I agree with both you and Reznor's point, actually.

Not sure exactly what I have as the music on my Facebook page (FB blocked in
Vietnam, and I can't be bothered setting up a proxy to check) - but if I
remember correctly, I filled out my Facebook music tastes in a way that says,
"I'd like to go places with this kind of music playing in them if we go out."

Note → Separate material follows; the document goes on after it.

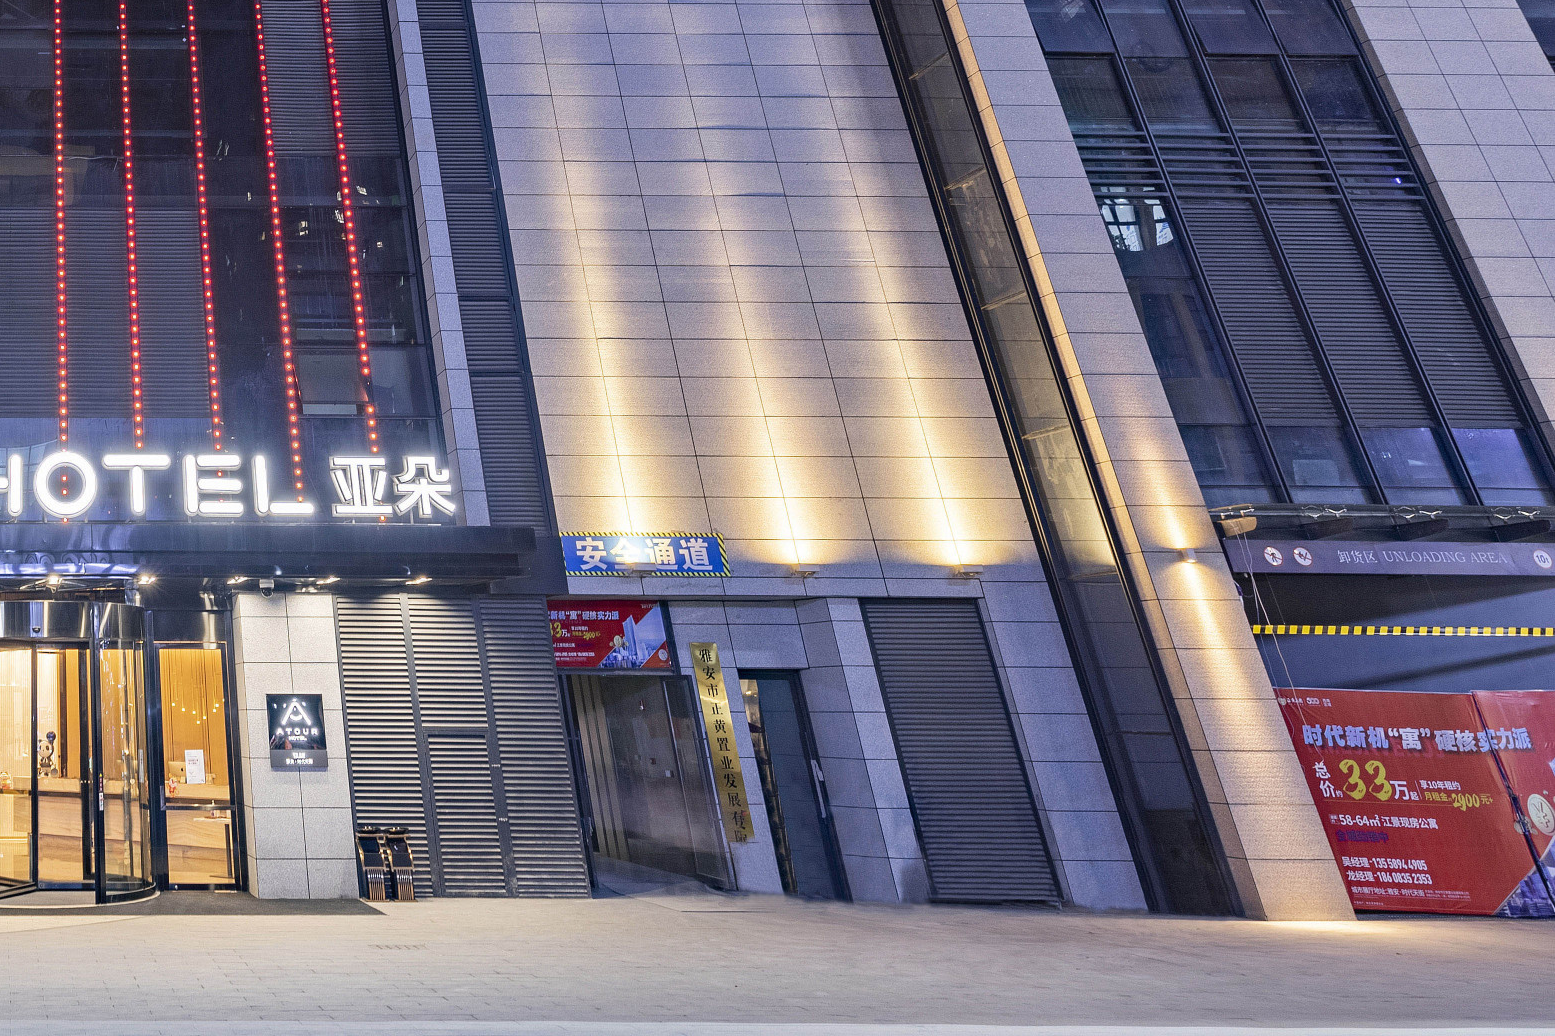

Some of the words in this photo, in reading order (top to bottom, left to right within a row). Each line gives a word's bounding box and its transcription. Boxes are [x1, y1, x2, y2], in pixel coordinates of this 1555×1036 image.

Since I travel a lot and connect with people when traveling, lots of people
don't know my tastes - so I list music for places I'd want to go to. For
instance, I've got Bebel Gilberto listed in my profile - she makes really nice
bassanova music, which is softly sung Brazilian Portugese with light music
with lots of strings behind it.

I used to listen to bassanova quite a bit. Nowadays, not as much, but I'd be
happy hanging out anywhere it's playing. Likewise, I've got some of my
favorite electronic artists listed, and some of my favorites from opera and
classical.

I actually like Nine Inch Nails, I've got The Fragile on my iPod, but if I
remember correctly, I didn't list it down in my music likes. Oh, it's good
music, don't get me wrong - I'm just not at the point in my life where I'd
want to go hang out at a rock/metal/industrial club.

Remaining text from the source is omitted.